Sunday, April 03, 2011

near miss

The sickening thud that results from a child on an uncontrolled trajectory that ends in collision with a hard surface is one of those unmistakable sounds that every parent probably hears at least once never wants to.

In the moments that follow such a calamity, there are questions coming rapid-fire.  Is she hurt?  Is she OK?  Is something broken?  Should we take her for x-rays? 

Please, Lord.  Grant me wisdom to know how to handle this situation.  And please hold me together so I can help her.  

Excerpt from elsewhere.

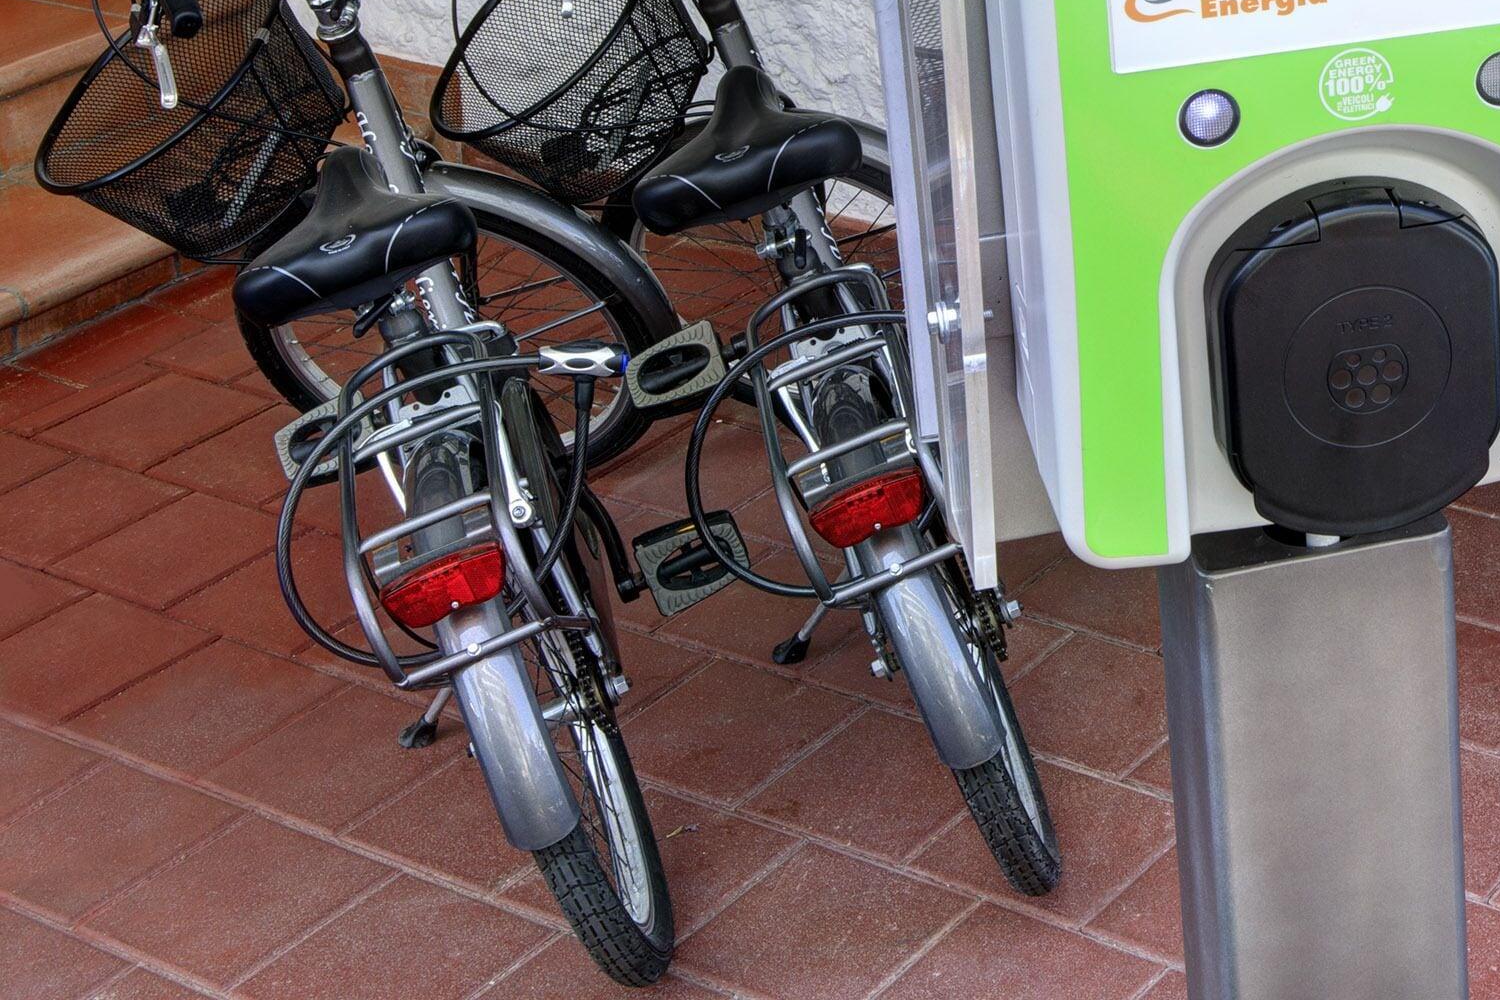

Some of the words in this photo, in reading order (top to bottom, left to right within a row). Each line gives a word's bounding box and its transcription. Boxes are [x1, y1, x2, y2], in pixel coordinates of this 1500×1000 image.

I like to think that I'm pretty good under pressure at such times, but I know I'm toeing the line when one of my bambini is injured.  For example, the two-year-old lass took a spill off a window seat cushion this afternoon in the midst of an otherwise delightful afternoon of happy family fun time.  After that terrible sound, there came the cries of a little girl in pain.  She held her arm tightly against her side.  She had landed on it, and right away the area around her elbow began to turn purple.

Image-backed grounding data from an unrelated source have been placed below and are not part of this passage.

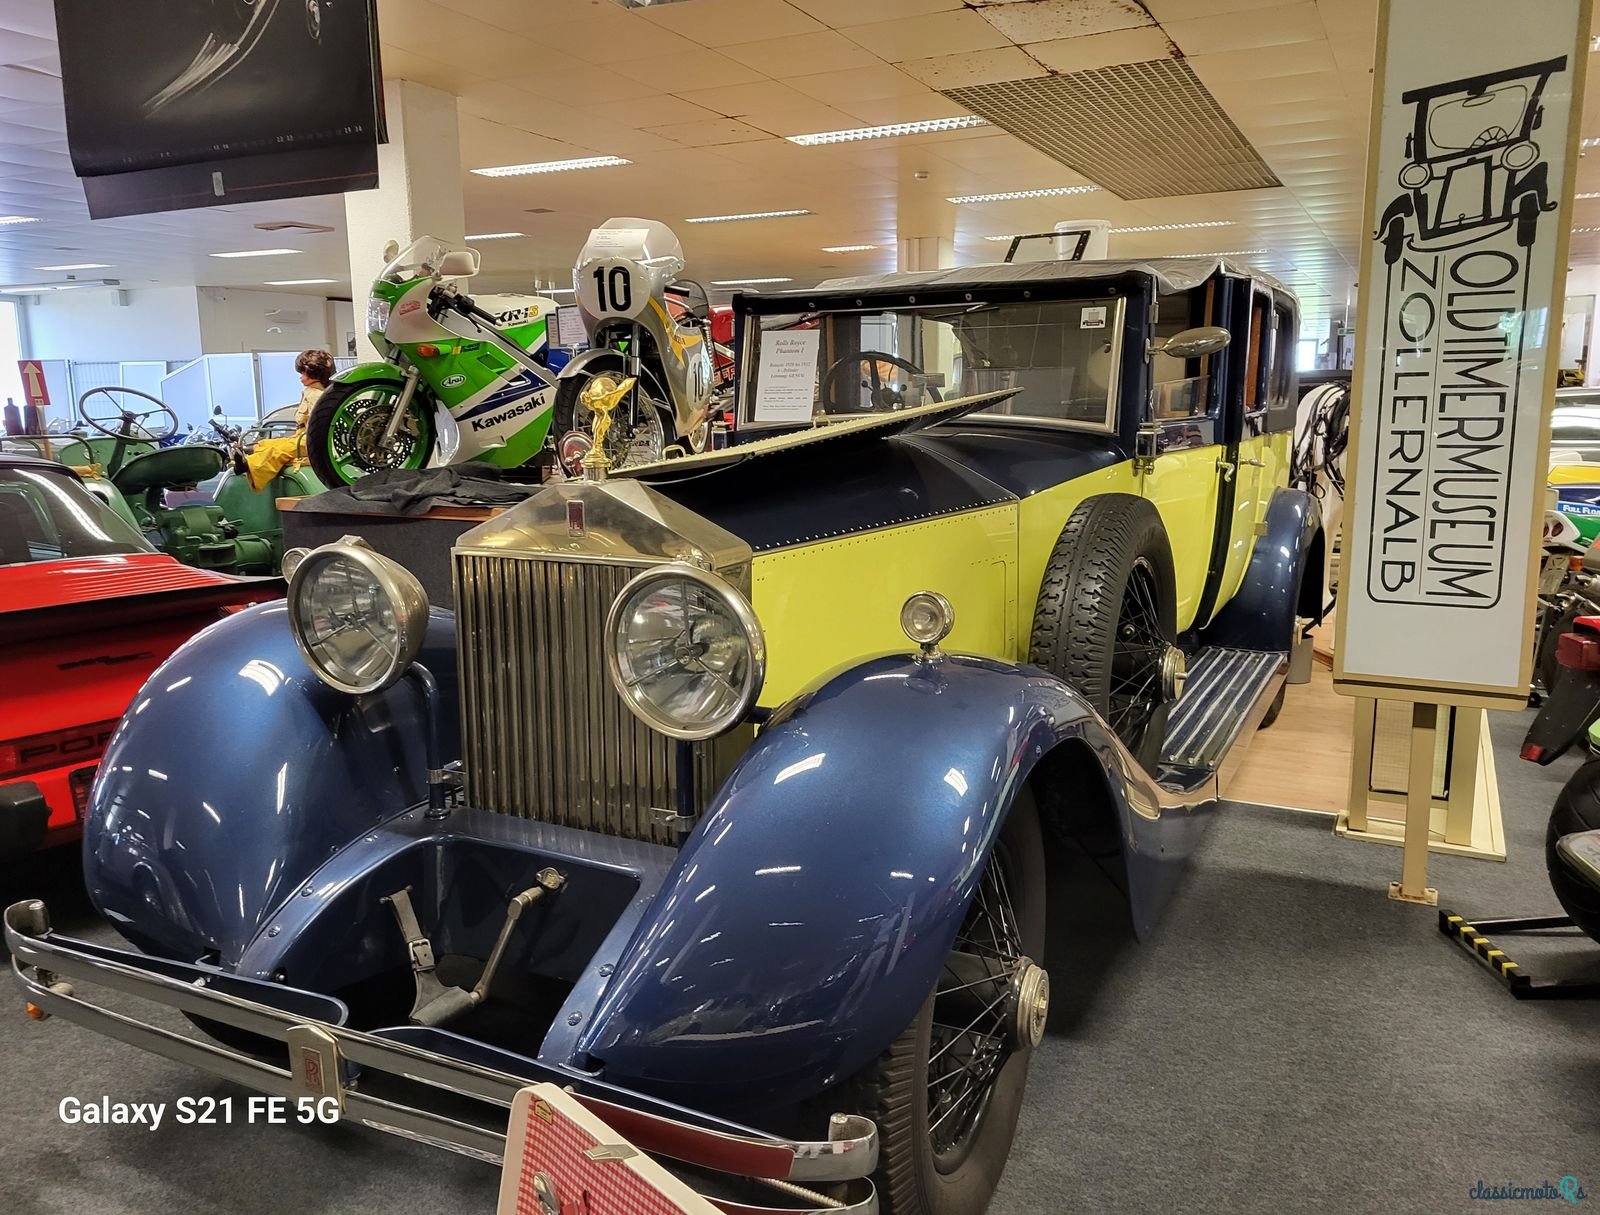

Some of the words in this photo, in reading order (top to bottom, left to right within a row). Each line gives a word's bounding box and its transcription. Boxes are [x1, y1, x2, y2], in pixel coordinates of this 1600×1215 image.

[593, 266, 632, 312] 10
[442, 375, 465, 387] Arai
[471, 393, 546, 432] Kawasaki
[1380, 255, 1439, 593] ZOLLERNALB
[1425, 250, 1520, 599] OLDTIMERMUSEUM

I went running for some ice and Arnica Montana, a homeopathic remedy indicated for bruises, muscle soreness, and traumatic injuries that we keep on hand.  We refer to it as "bonk medicine".  We scooped her up and snuggled her close.  My beloved -- aka "Dr. Dad" -- fashioned a sling out of a tea towel and tucked some ice and a baby doll inside.  She could still move her arm without much pain, but we still worried and wondered.

After a little downtime she was back up and playing, using the arm with little noticeable difficulty.  She seems to be doing OK.  We'll of course keep an eye on it.

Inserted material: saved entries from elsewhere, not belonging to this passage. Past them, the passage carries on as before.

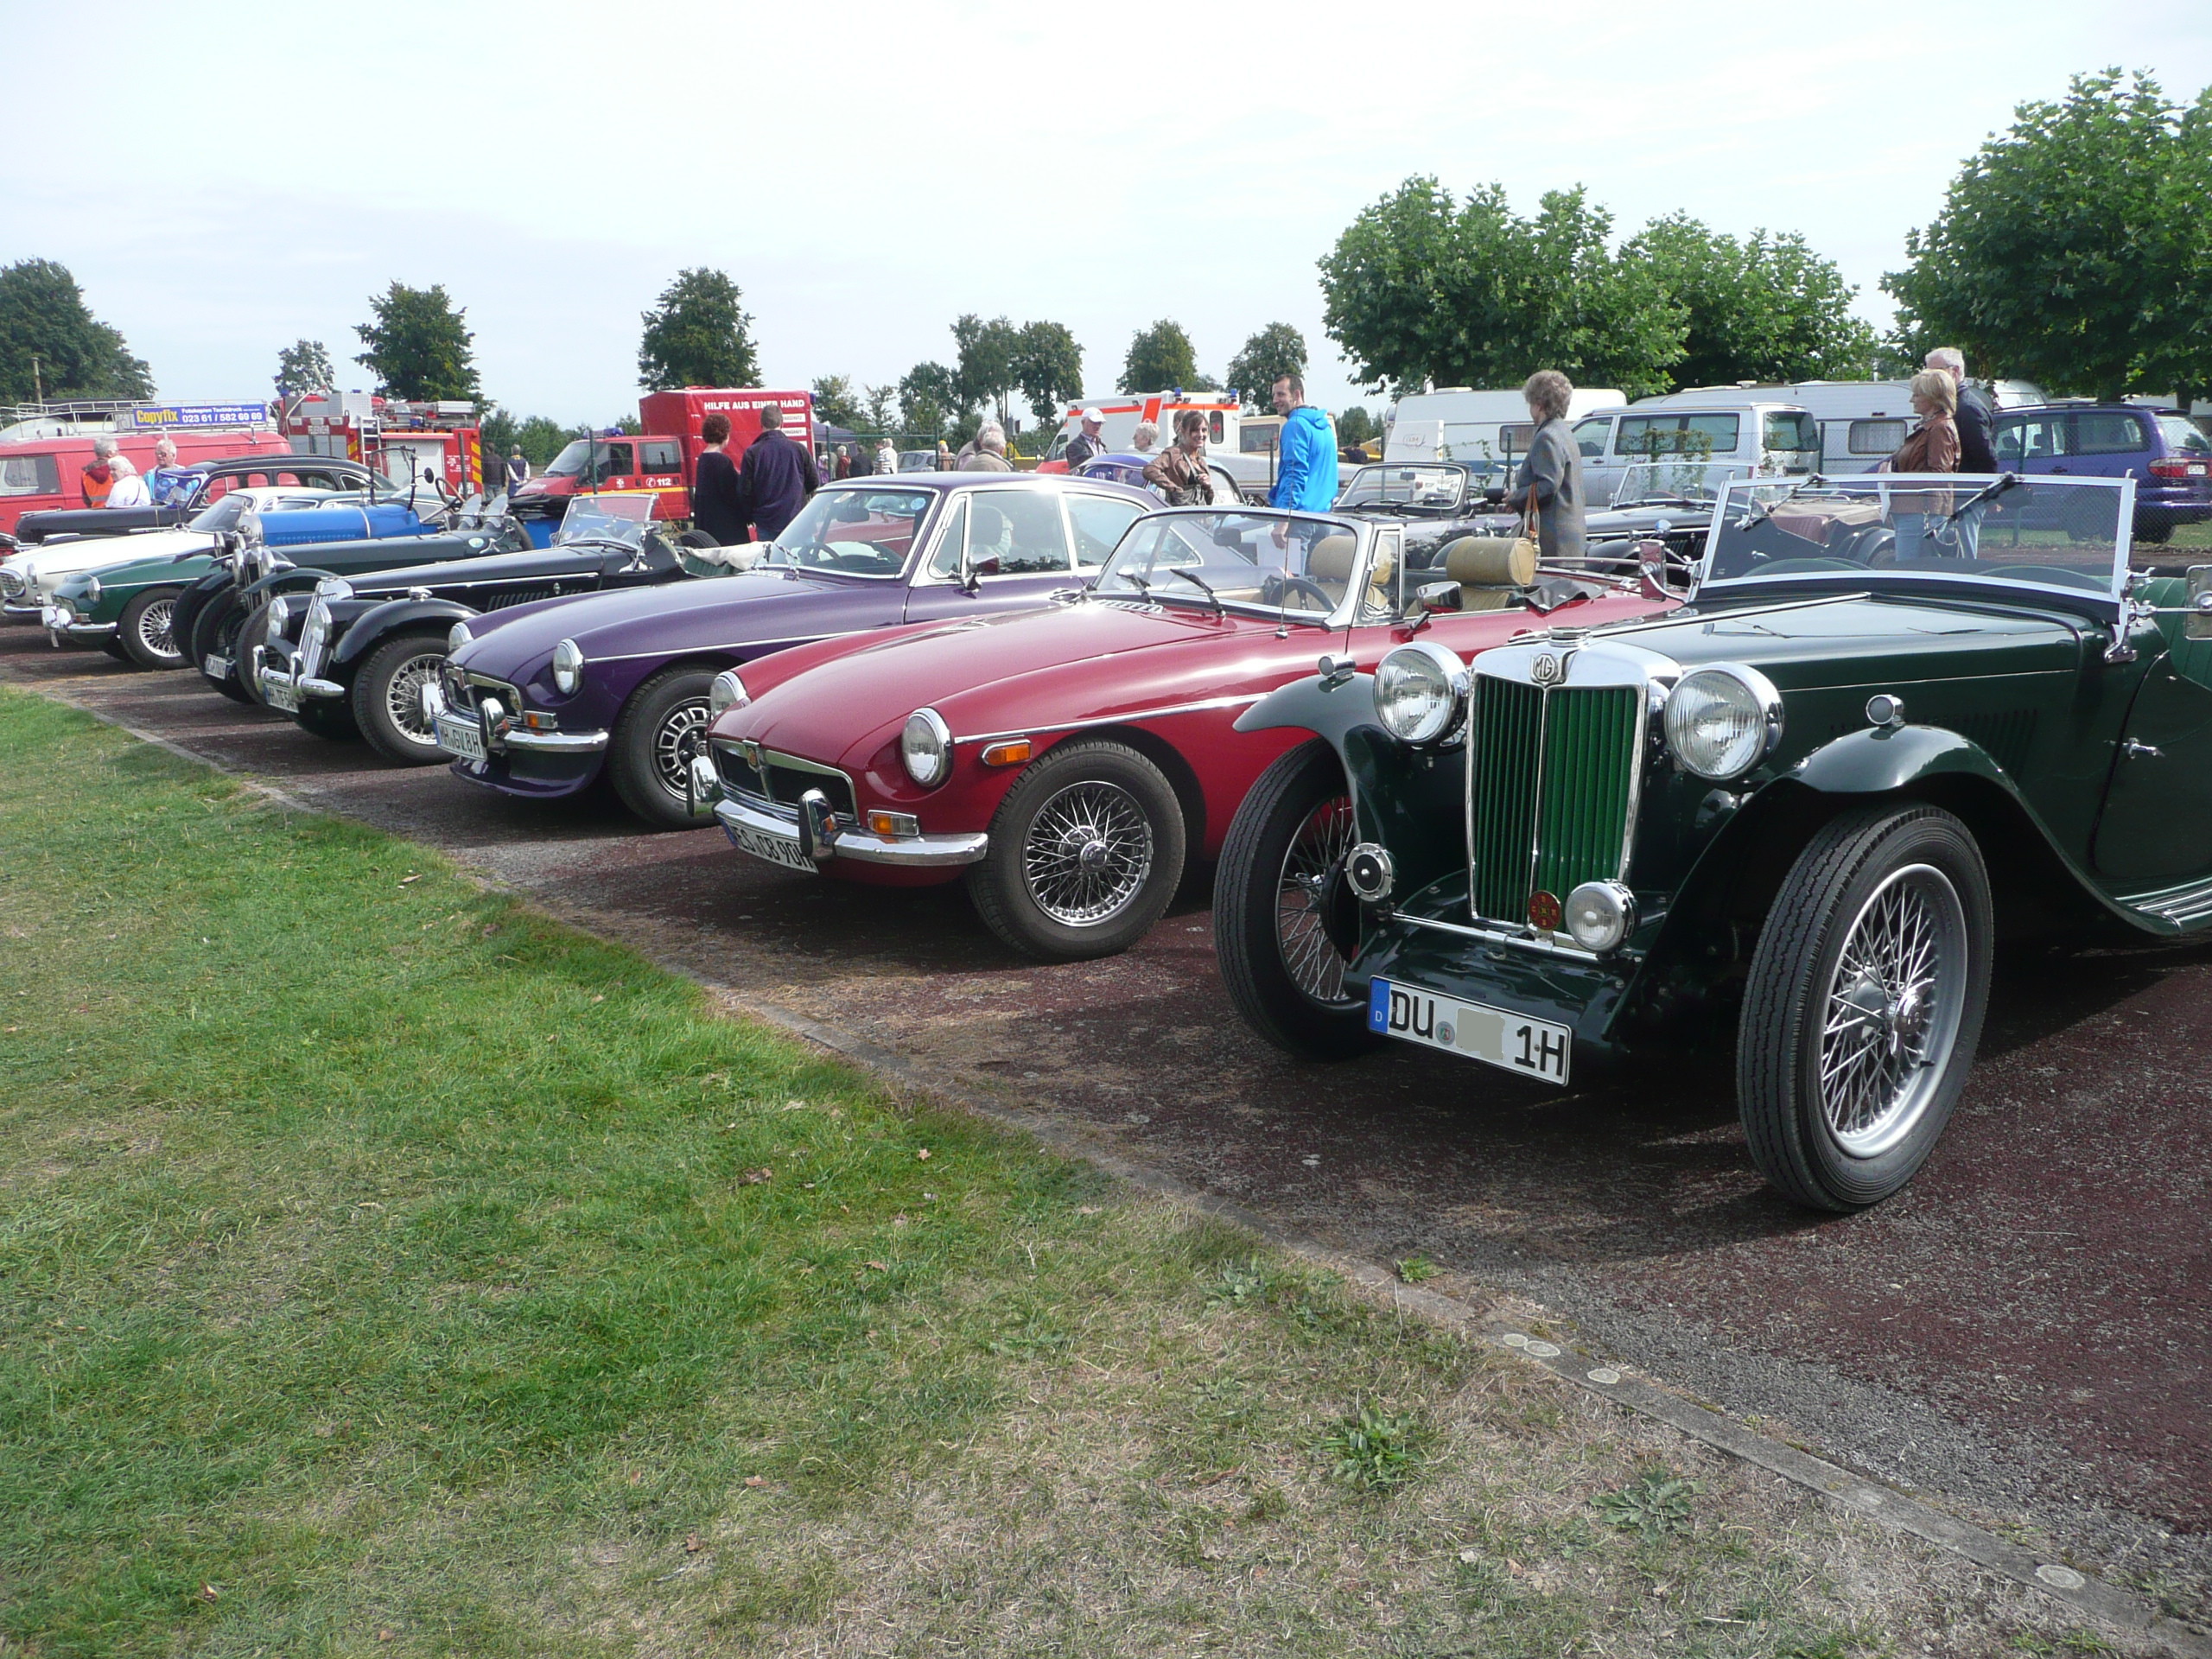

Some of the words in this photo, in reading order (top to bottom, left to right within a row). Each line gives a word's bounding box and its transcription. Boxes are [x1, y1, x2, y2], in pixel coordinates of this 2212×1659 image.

[732, 401, 750, 410] AUS
[780, 399, 804, 408] HAND
[137, 409, 178, 423] Copyfix
[1535, 657, 1553, 677] MG
[756, 834, 781, 861] CB
[1375, 1010, 1382, 1022] D
[1389, 989, 1434, 1039] DU
[1515, 1025, 1565, 1077] 1H

There have been a few other times when one of the bambini has been injured when I really wrestled to discern the need to seek emergency medical attention on their behalf.  (The younger lad can claim most of these.) After the dust had settled in each case, as I did today, I can't help but conjure up images in my mind of how that would play out, and it's never a good feeling.  What if it had been worse?  Oh, how I can work myself up over such uncertainties.

Scary though it may be to think about, there is little good to come out of fretting about things that haven't happened.  It's important to be prepared, because accidents happen.  We can take every reasonable precaution to secure our bambini's safety, but we can't keep them from ever getting hurt.

So I tell myself when I'm not holding a child in pain after falling just out of my arm's reach doing something she's done a thousand times before and likely will many more times to come.

Perhaps the day will come when we will need to summon help for some medical crisis.  God forbid something like that should happen, but if it does, I pray for the courage to be the strong mother the hurting child will depend on to secure that medical care as well as offer the comfort that only comes from Dr. Mom.